- [EXERCISE] Please set down each entry exactly, omitting any picture it holds.

RECORDS SHOWN section start

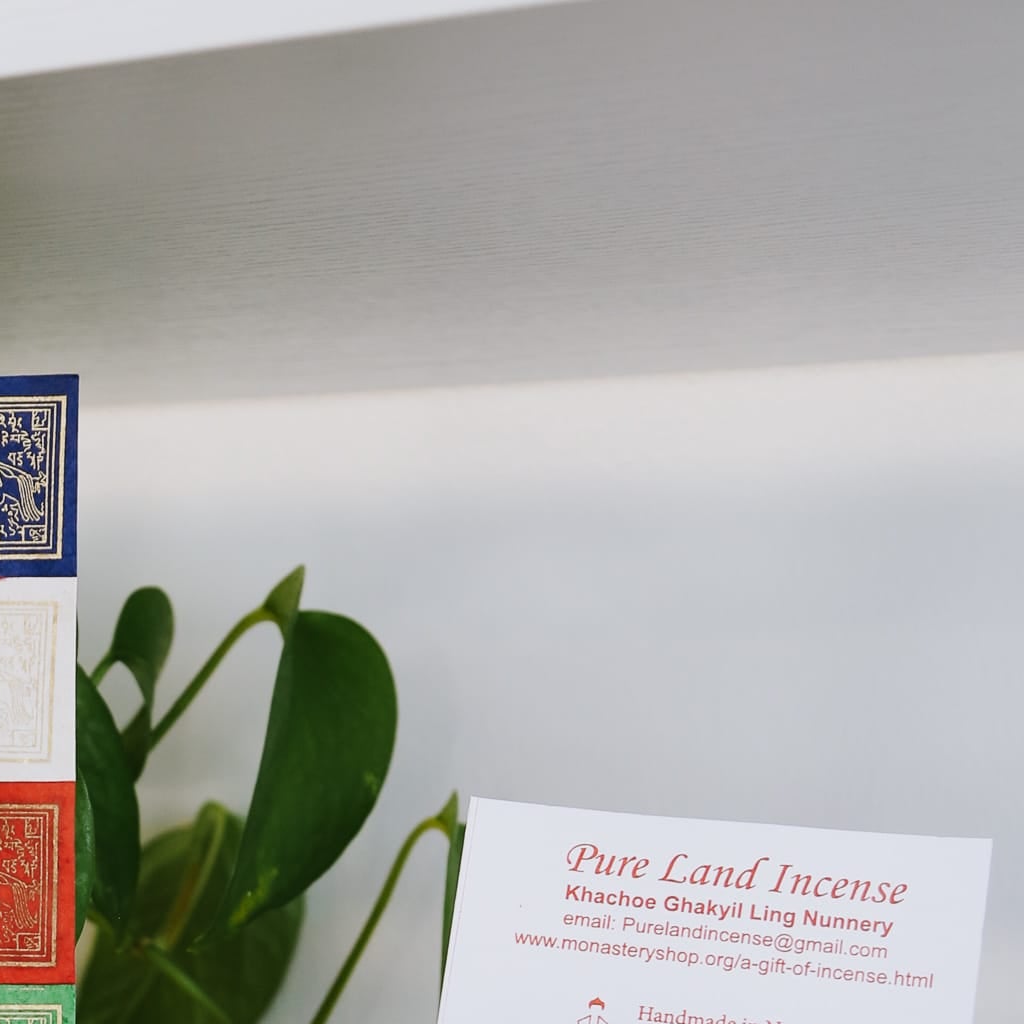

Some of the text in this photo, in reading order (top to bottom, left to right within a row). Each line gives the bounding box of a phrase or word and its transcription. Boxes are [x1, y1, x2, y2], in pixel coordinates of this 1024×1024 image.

[566, 843, 908, 905] Pure Land Incense
[563, 913, 888, 958] email: Purelandincense@gmail.com
[564, 884, 894, 938] Khachoe Ghakyil Ling Nunnery
[514, 932, 934, 989] www.monasteryshop.org/a-gift-of-incense.html
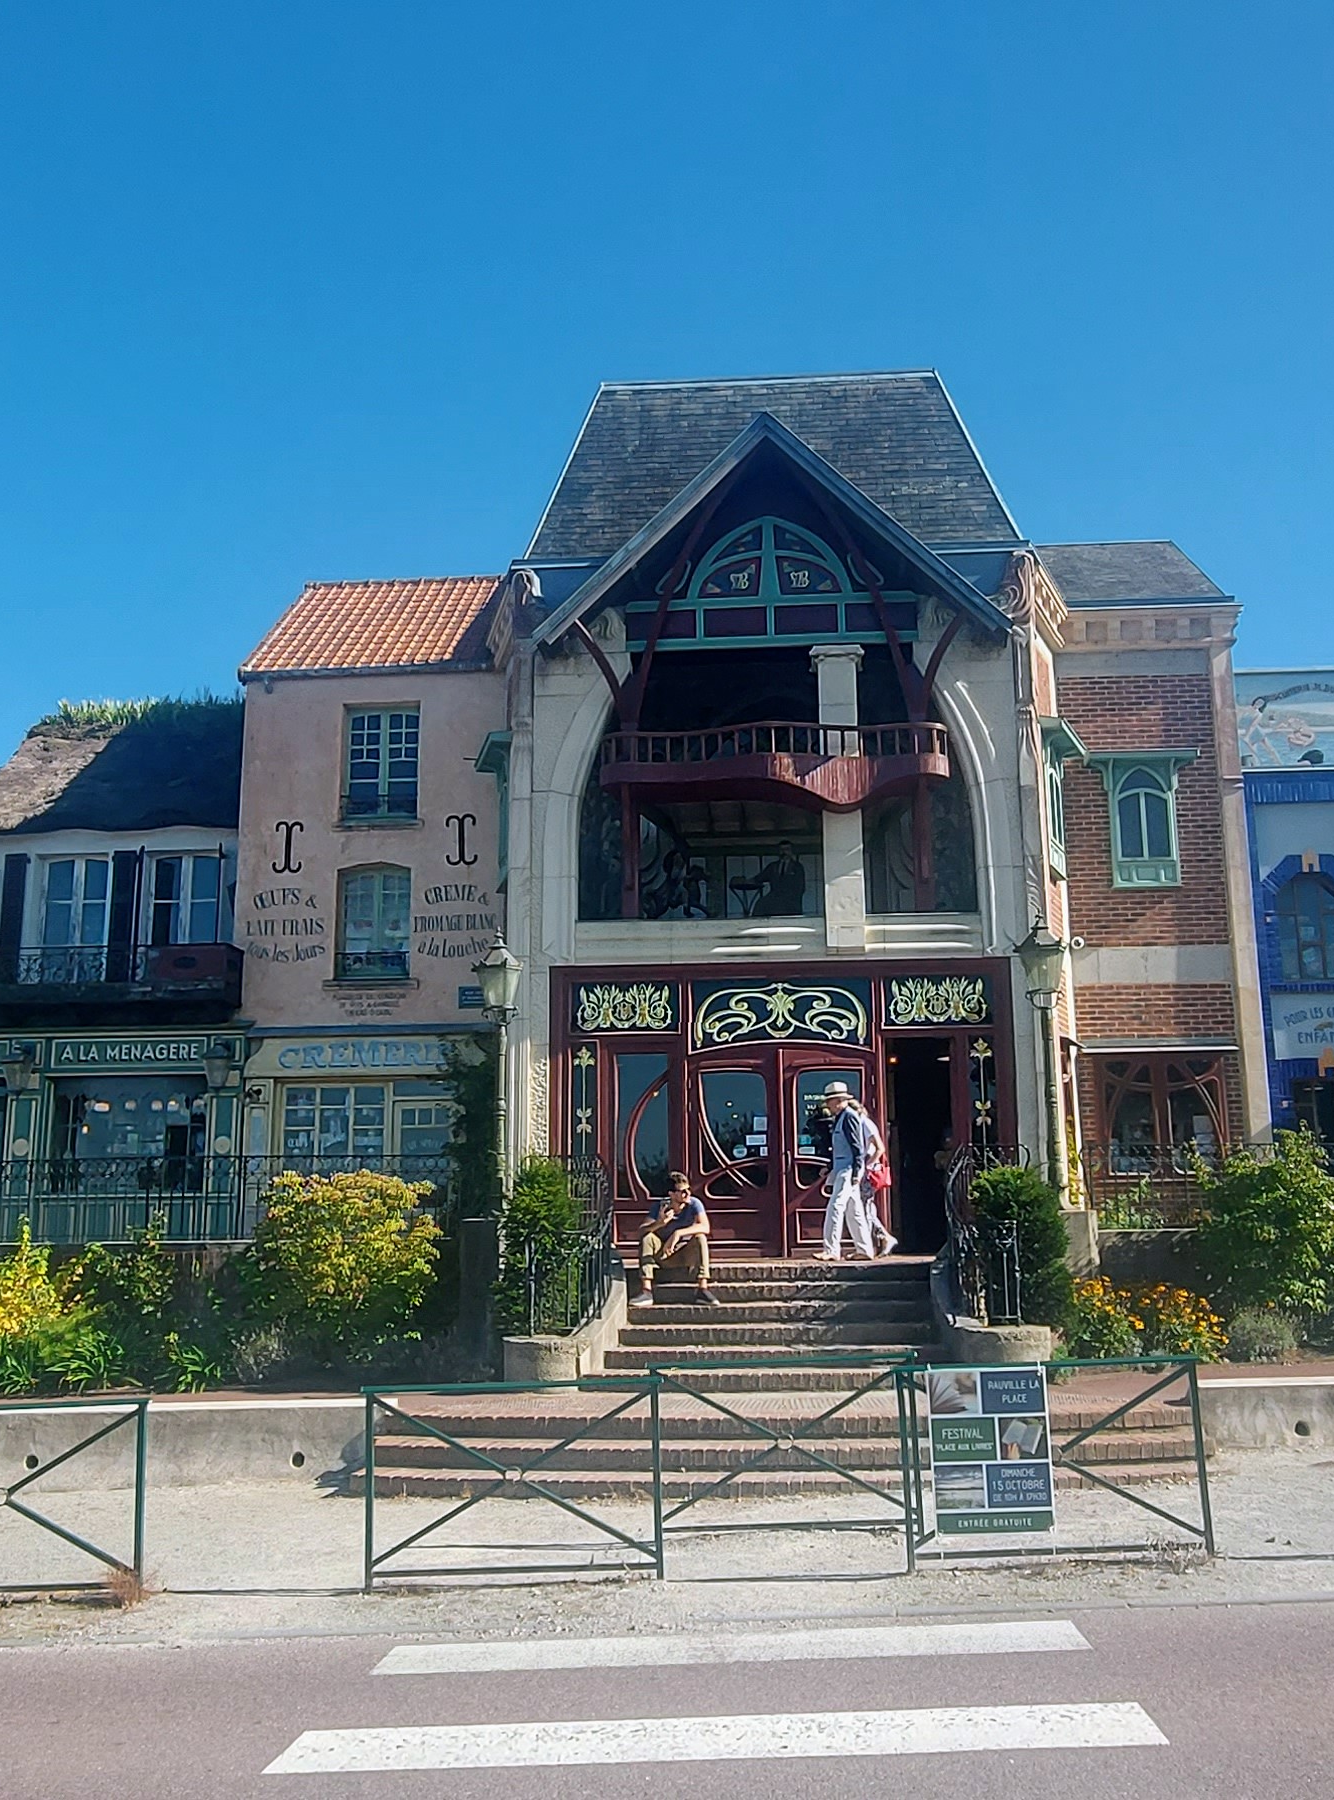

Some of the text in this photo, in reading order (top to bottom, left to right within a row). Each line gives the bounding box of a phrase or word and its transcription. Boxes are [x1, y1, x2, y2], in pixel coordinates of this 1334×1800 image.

[305, 894, 318, 909] &
[477, 892, 490, 906] &
[247, 917, 325, 937] LAIT FRAIS
[413, 913, 497, 933] FROMAGE BLANC
[272, 943, 290, 963] les
[427, 937, 439, 957] la
[442, 936, 489, 958] Louche
[1283, 1010, 1308, 1027] POUR
[1309, 1007, 1324, 1019] LES
[61, 1043, 199, 1061] A LA MENAGERE
[987, 1379, 1040, 1390] RAUVILLE LA
[1002, 1394, 1027, 1404] PLACE
[941, 1428, 984, 1440] FESTIVAL
[1001, 1467, 1036, 1478] DIMANCHE
[992, 1479, 1045, 1491] 15 OCTOBRE
[993, 1517, 1033, 1528] GRATUITE

RECORDS SHOWN section end

- [ANSWER TO THE PROBLEM]
Some of the text in this photo, in reading order (top to bottom, left to right within a row). Each line gives the bounding box of a phrase or word and its transcription. Boxes are [x1, y1, x2, y2], in pixel coordinates of this 1024×1024 image.

[566, 843, 908, 905] Pure Land Incense
[563, 913, 888, 958] email: Purelandincense@gmail.com
[564, 884, 894, 938] Khachoe Ghakyil Ling Nunnery
[514, 932, 934, 989] www.monasteryshop.org/a-gift-of-incense.html

Some of the text in this photo, in reading order (top to bottom, left to right within a row). Each line gives the bounding box of a phrase or word and its transcription. Boxes are [x1, y1, x2, y2], in pixel coordinates of this 1334×1800 image.

[305, 894, 318, 909] &
[477, 892, 490, 906] &
[247, 917, 325, 937] LAIT FRAIS
[413, 913, 497, 933] FROMAGE BLANC
[272, 943, 290, 963] les
[427, 937, 439, 957] la
[442, 936, 489, 958] Louche
[1283, 1010, 1308, 1027] POUR
[1309, 1007, 1324, 1019] LES
[61, 1043, 199, 1061] A LA MENAGERE
[987, 1379, 1040, 1390] RAUVILLE LA
[1002, 1394, 1027, 1404] PLACE
[941, 1428, 984, 1440] FESTIVAL
[1001, 1467, 1036, 1478] DIMANCHE
[992, 1479, 1045, 1491] 15 OCTOBRE
[993, 1517, 1033, 1528] GRATUITE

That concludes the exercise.